Source data =
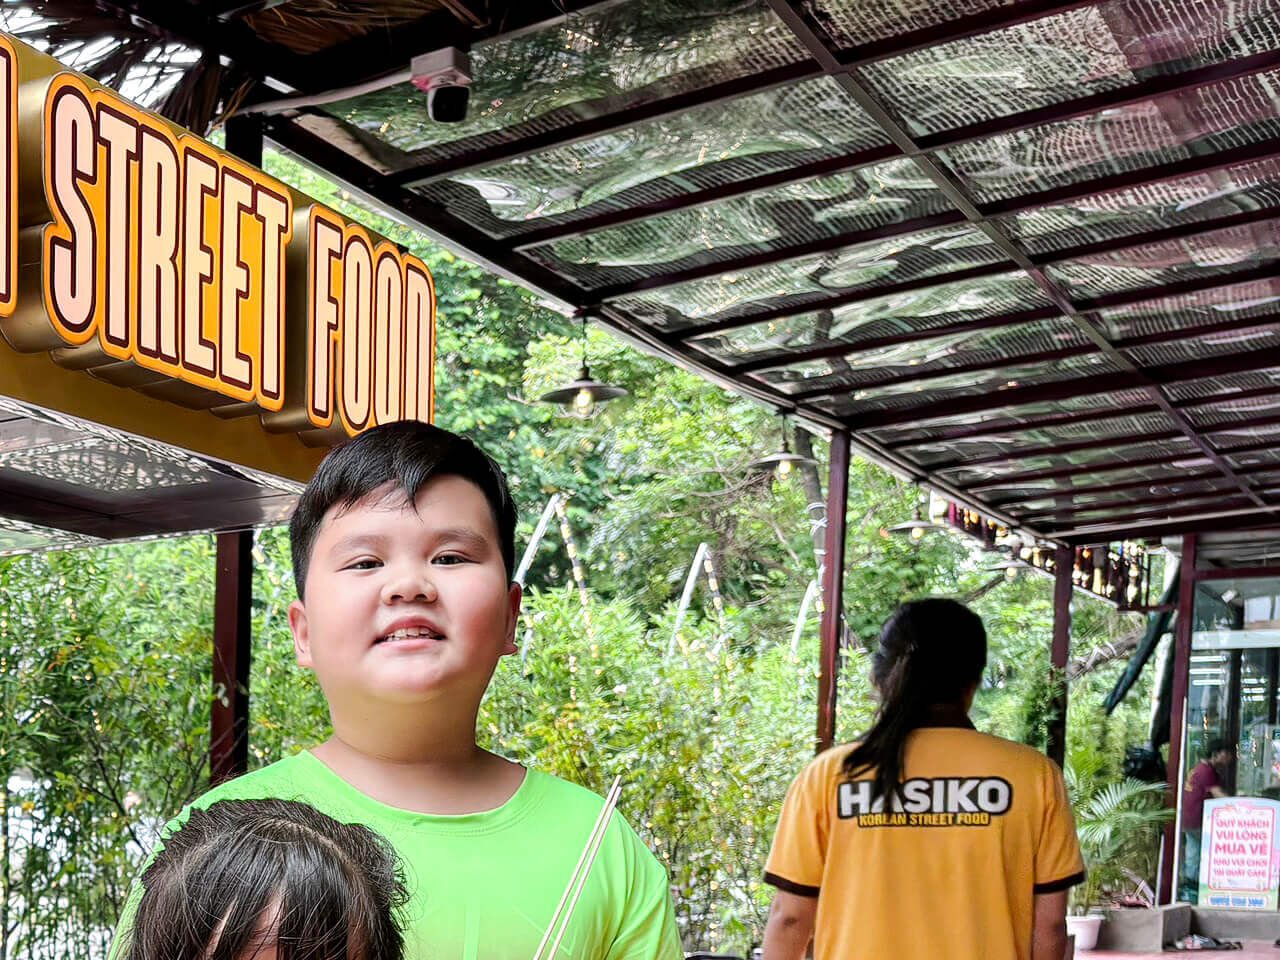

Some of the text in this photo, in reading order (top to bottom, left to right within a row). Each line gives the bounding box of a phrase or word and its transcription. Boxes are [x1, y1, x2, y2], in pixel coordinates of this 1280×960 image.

[54, 90, 288, 397] STREET
[312, 218, 434, 428] FOOD
[910, 813, 954, 825] STREET
[957, 813, 989, 825] FOOD
[1215, 844, 1246, 855] MUA
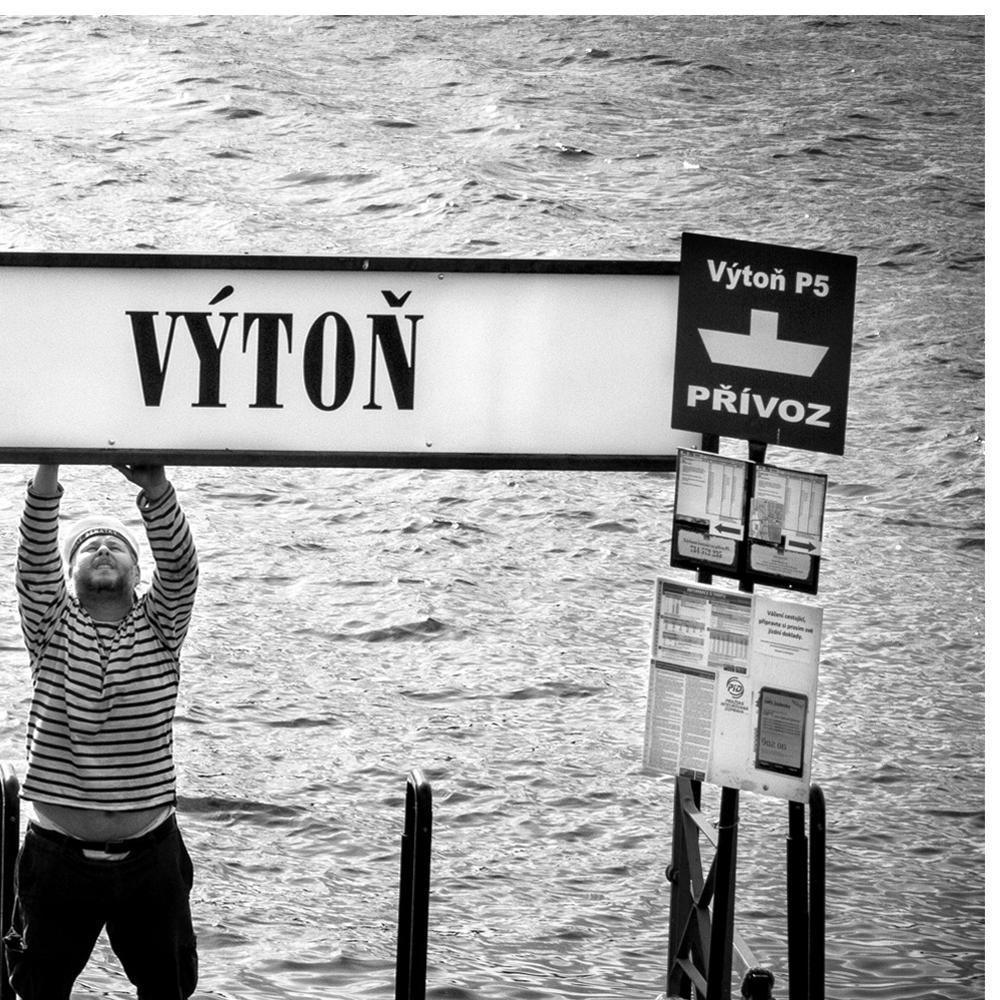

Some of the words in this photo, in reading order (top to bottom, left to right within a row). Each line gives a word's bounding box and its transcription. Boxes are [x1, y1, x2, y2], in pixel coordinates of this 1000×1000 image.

[707, 258, 786, 291] Výtoň
[795, 271, 830, 298] P5
[124, 285, 425, 412] VÝTOŇ
[686, 383, 832, 428] PŘÍVOZ
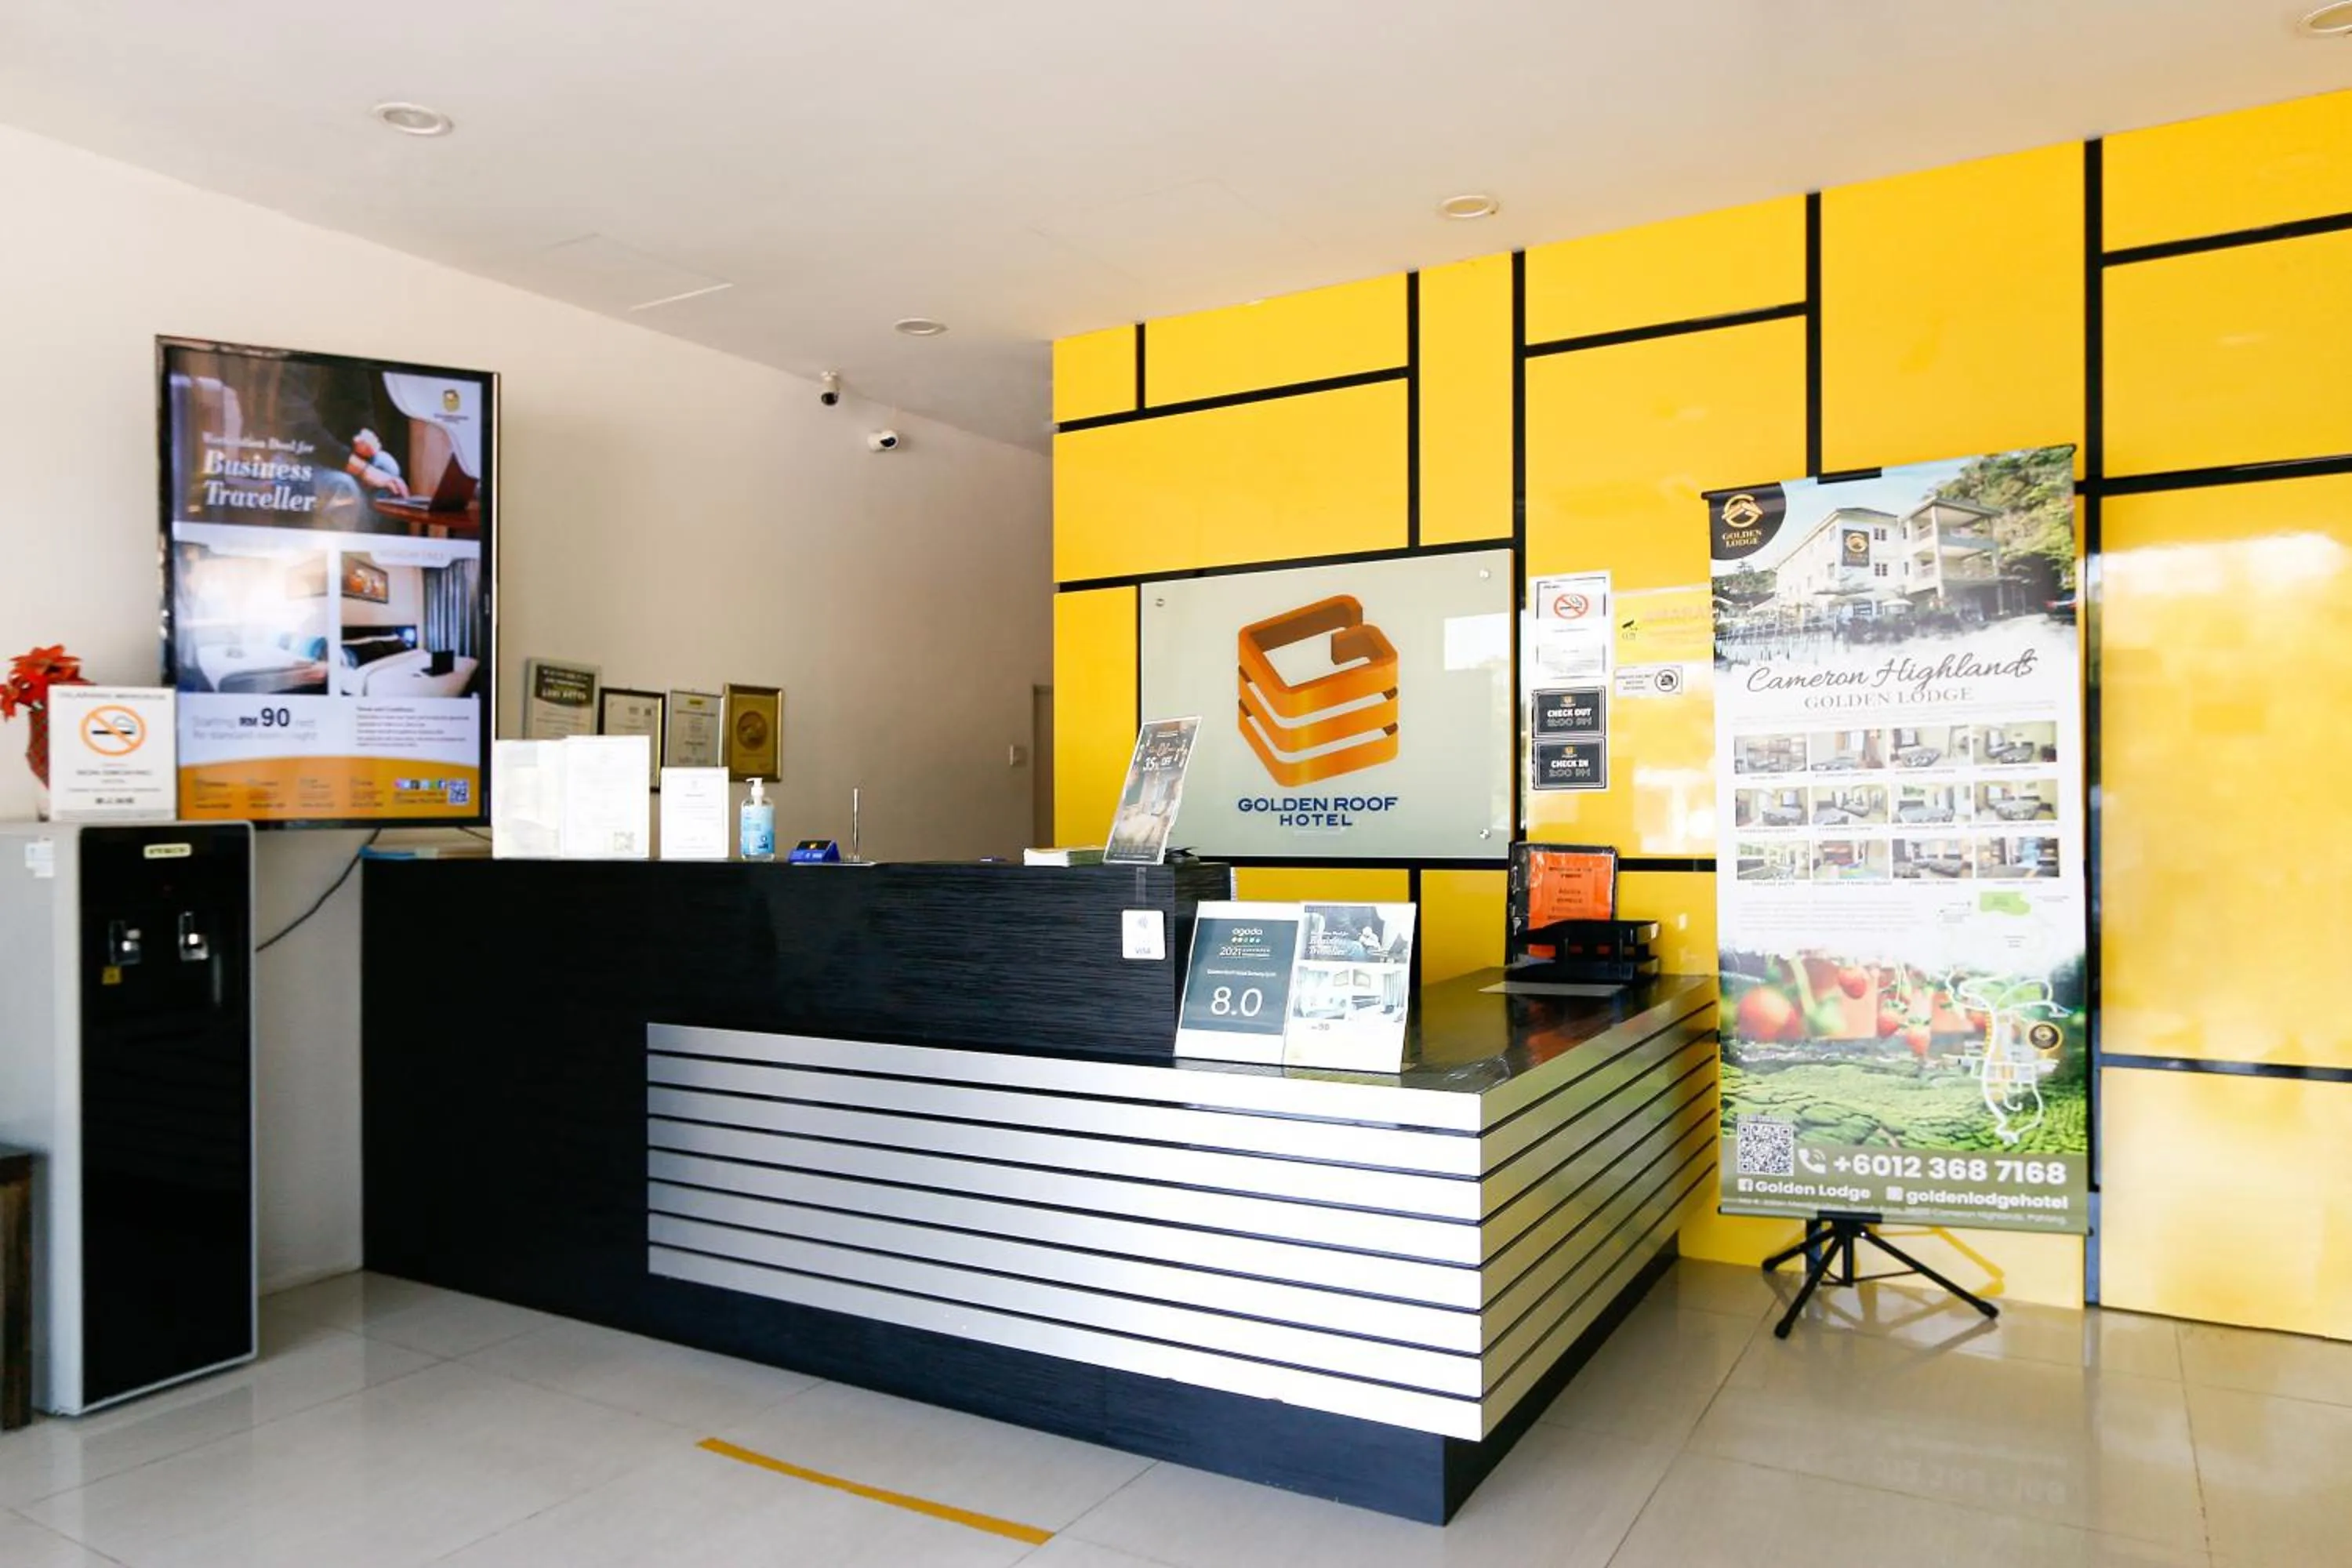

Task brief =
Please write out exactly the lines from the one holding "Some of the words" through the last line of the material above, both included, as a copy without pictures.

Problem solution =
Some of the words in this photo, in reading order (top to bottom, left to right within a row). Each line gives a word's bounding box and its transcription. Boxes are [x1, y1, x2, y2], in pixel coordinates of this 1000×1000 image.

[707, 258, 786, 291] Výtoň
[795, 271, 830, 298] P5
[124, 285, 425, 412] VÝTOŇ
[686, 383, 832, 428] PŘÍVOZ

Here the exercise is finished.